Mordialloc has long served as one of Kingston’s principal maritime centres, with Mordialloc Creek functioning from the nineteenth century as a vital waterway for commercial fishing, boatbuilding and local transport, helping establish the district’s enduring connection to Port Phillip Bay. The subsequent development of Patterson Lakes from the 1970s transformed reclaimed farmland into Victoria’s first large-scale canal estate, while the establishment and expansion of Patterson Lakes Marina, evolving from the original Whalers Cove Marina into the state’s largest marina facility, reinforced the suburb’s role as a major maritime gateway and recreational boating hub.

==Culture and arts==

The City of Kingston has art and theatre facilities in Parkdale and Moorabbin respectively at the Shirley Burke Theatre and Kingston City Hall, with seating for up to 800 occupants. Each year the city hosts the Mordi Fest with live music, the Spring Fair and Carols by Kingston as its key events.
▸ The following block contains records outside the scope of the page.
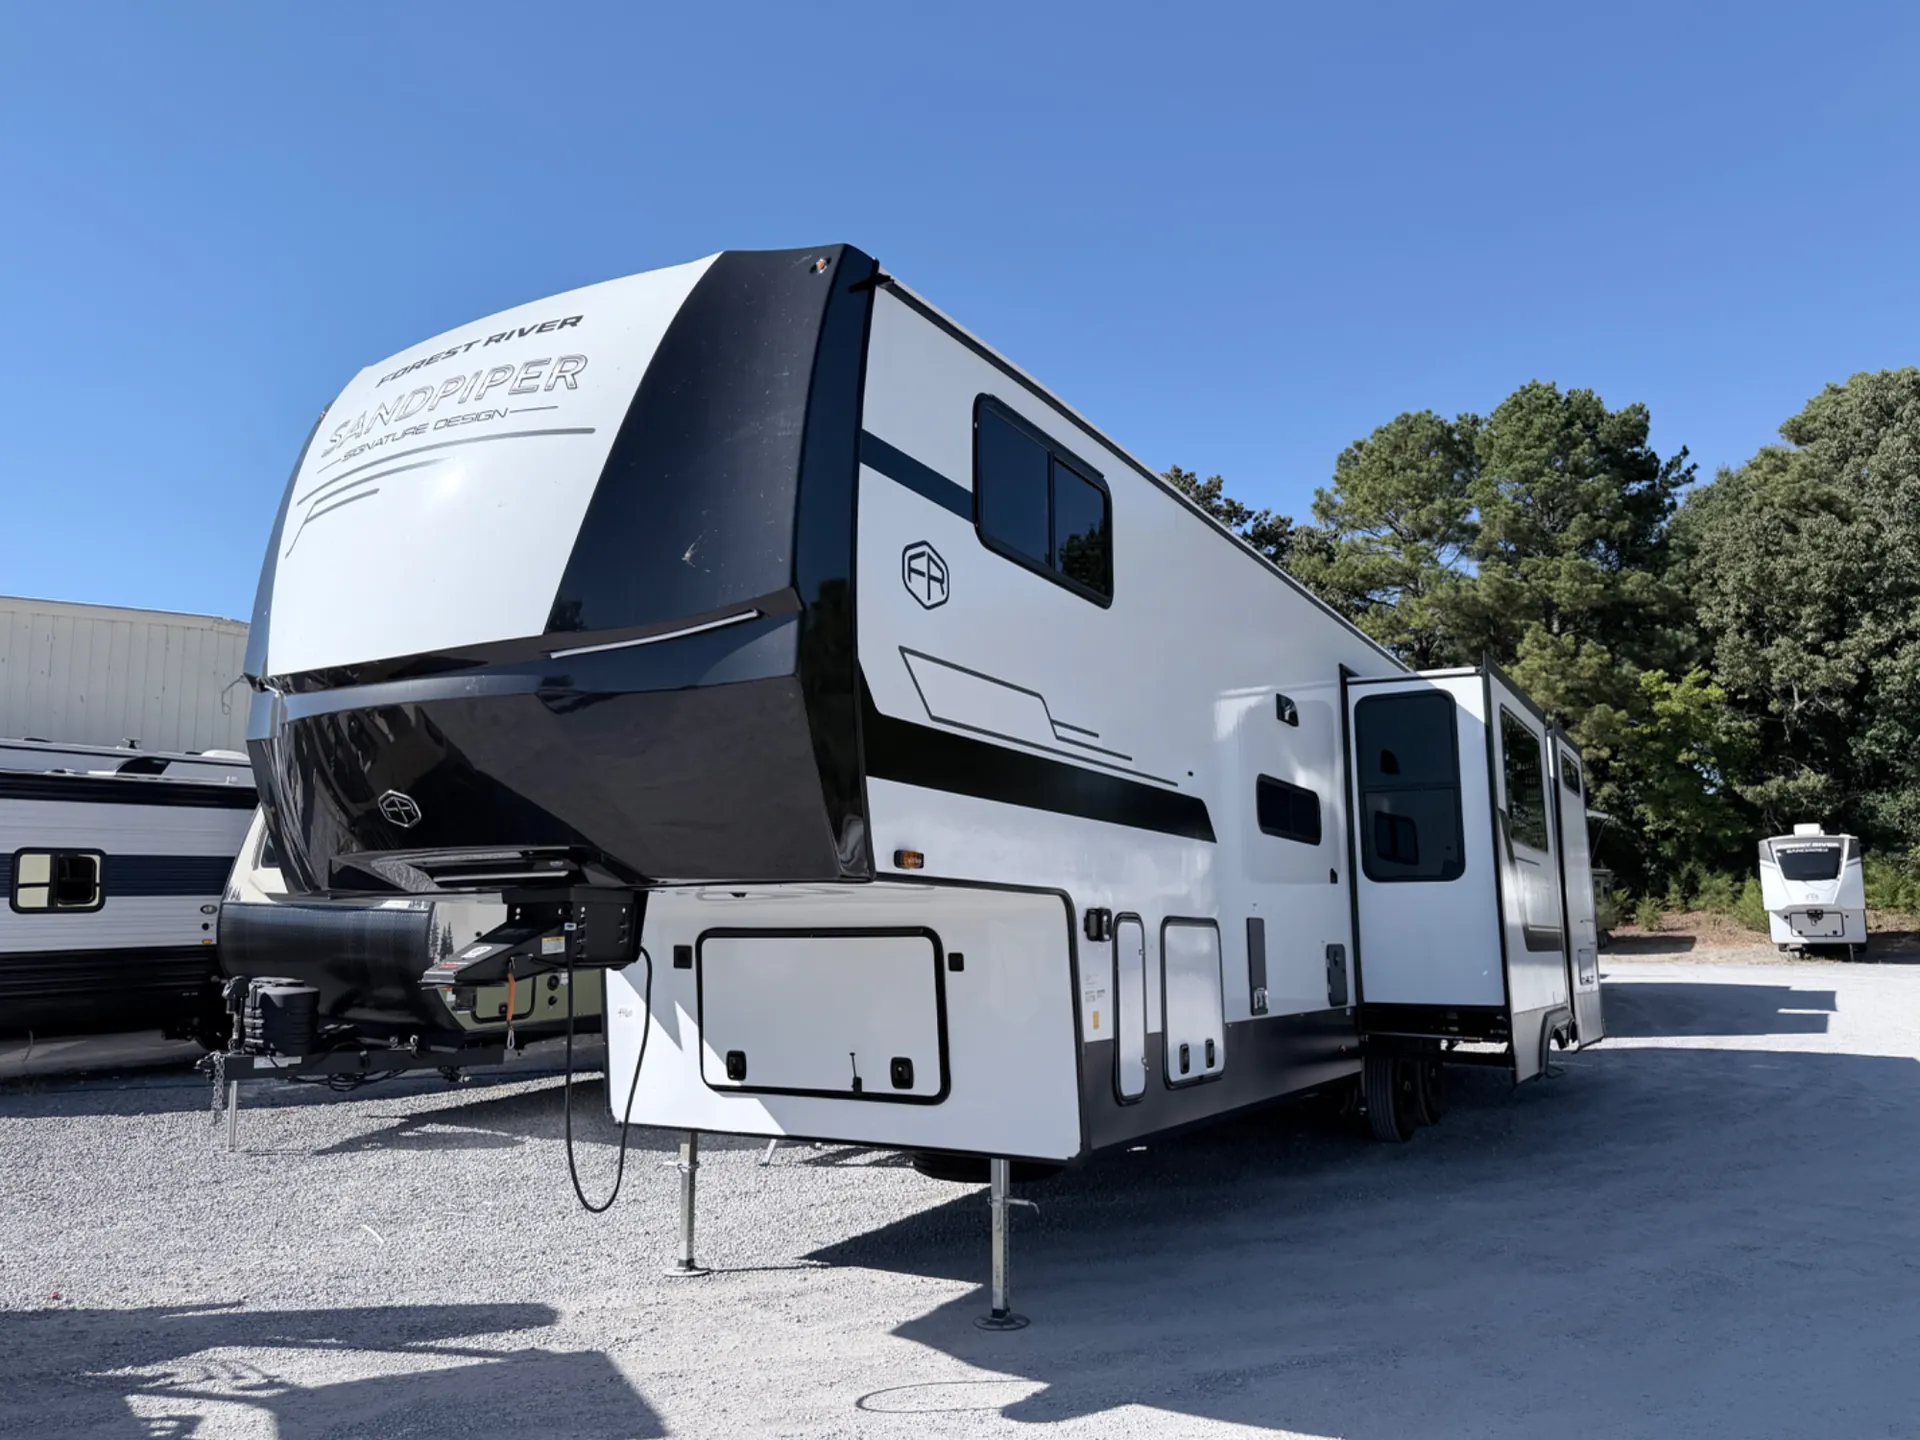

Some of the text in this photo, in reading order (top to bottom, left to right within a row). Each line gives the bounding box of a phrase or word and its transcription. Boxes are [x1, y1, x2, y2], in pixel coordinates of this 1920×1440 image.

[375, 315, 584, 388] FOREST RIVER
[320, 353, 588, 459] SANDPIPER
[341, 407, 509, 462] SIGNATURE DESIGN
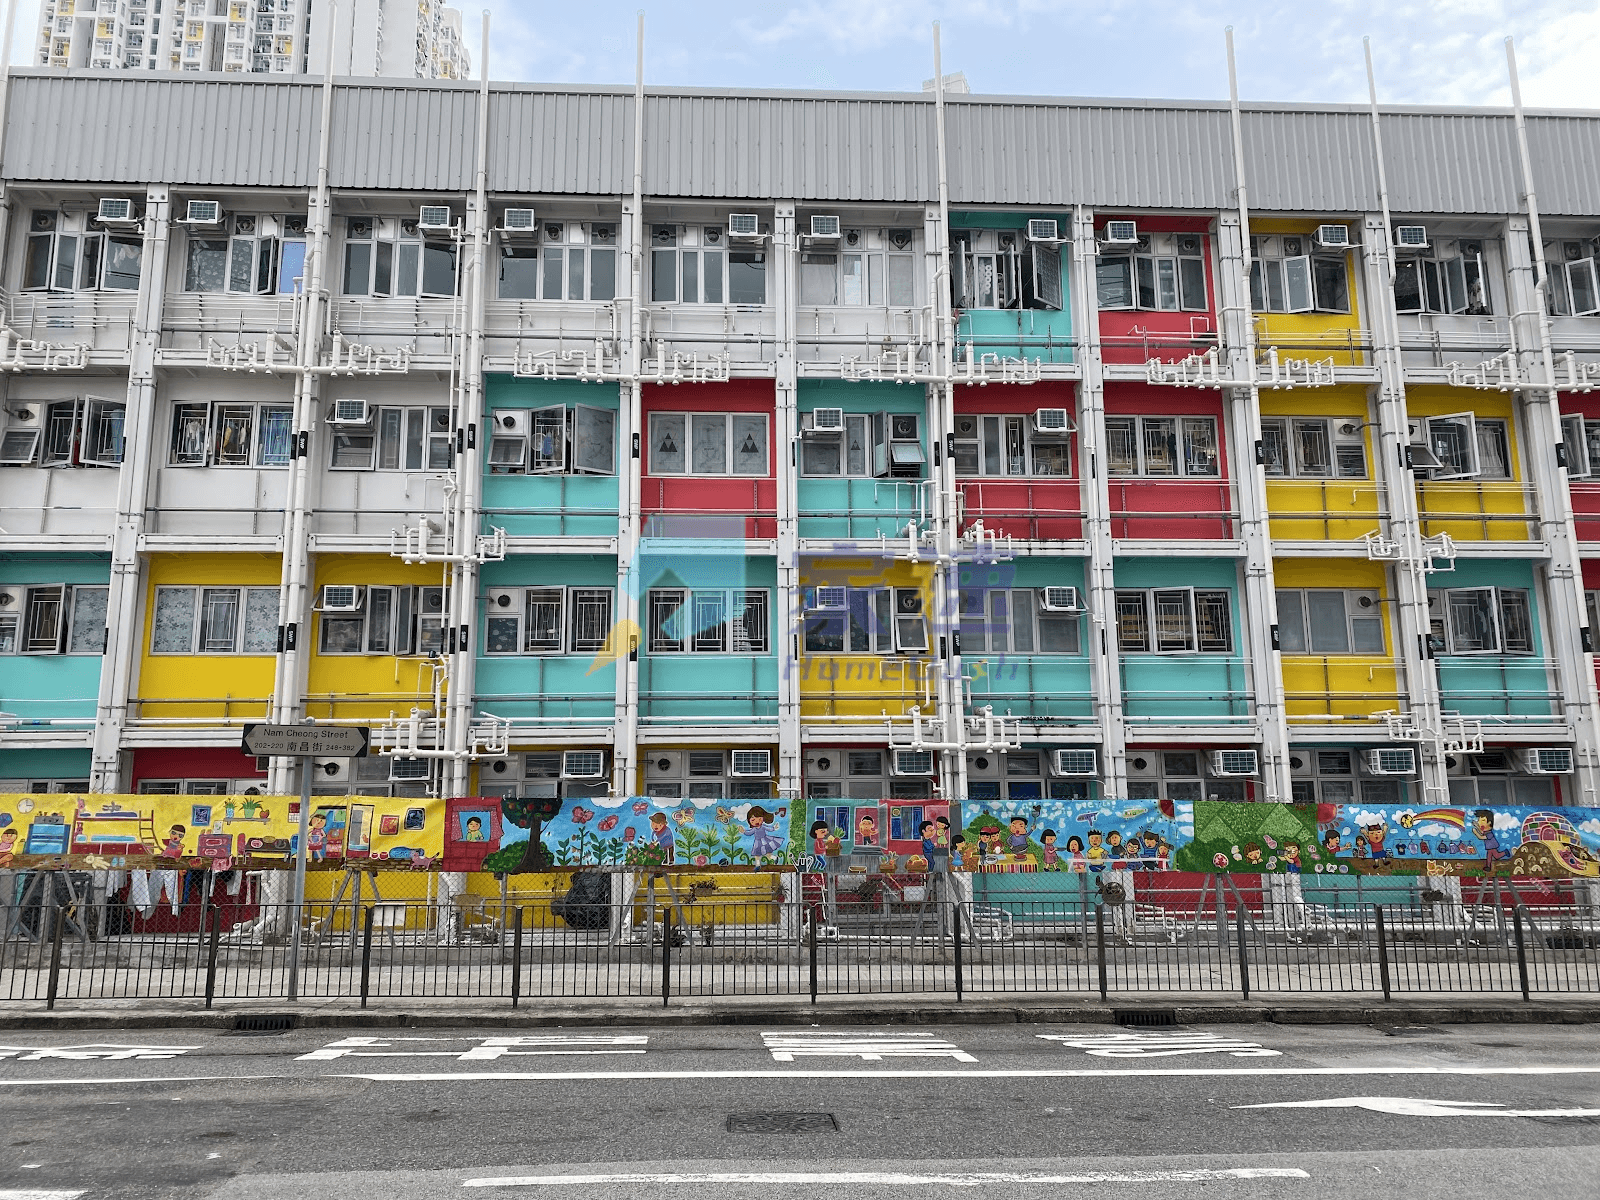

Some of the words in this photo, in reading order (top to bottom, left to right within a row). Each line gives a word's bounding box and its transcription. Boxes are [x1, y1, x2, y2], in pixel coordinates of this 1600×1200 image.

[263, 728, 284, 737] Nam
[286, 729, 318, 739] Cheong
[321, 730, 349, 739] Street
[286, 741, 323, 752] 南昌街
[760, 1031, 980, 1062] LANE
[1035, 1031, 1284, 1058] BUS
Internationally acclaimed musician Rick Springfield's childhood home was in Parkdale; musician and composer Eddie Perfect was raised in Mentone; and musician Paul Kelly performed in Kingston venues during his early career. Popular rock bands British India and Jet respectively were from Mentone and Dingley Village.

The Heidelberg School was an art movement of the late 19th century with ties to Australian impressionism, which featured scenes of Mentone by respective artists Tom Roberts, Charles Conder and Frederick McCubbin. An international-standard sculpture trail is proceeding at Patterson River, bordering the suburbs of Carrum, Patterson Lakes and Bonbeach.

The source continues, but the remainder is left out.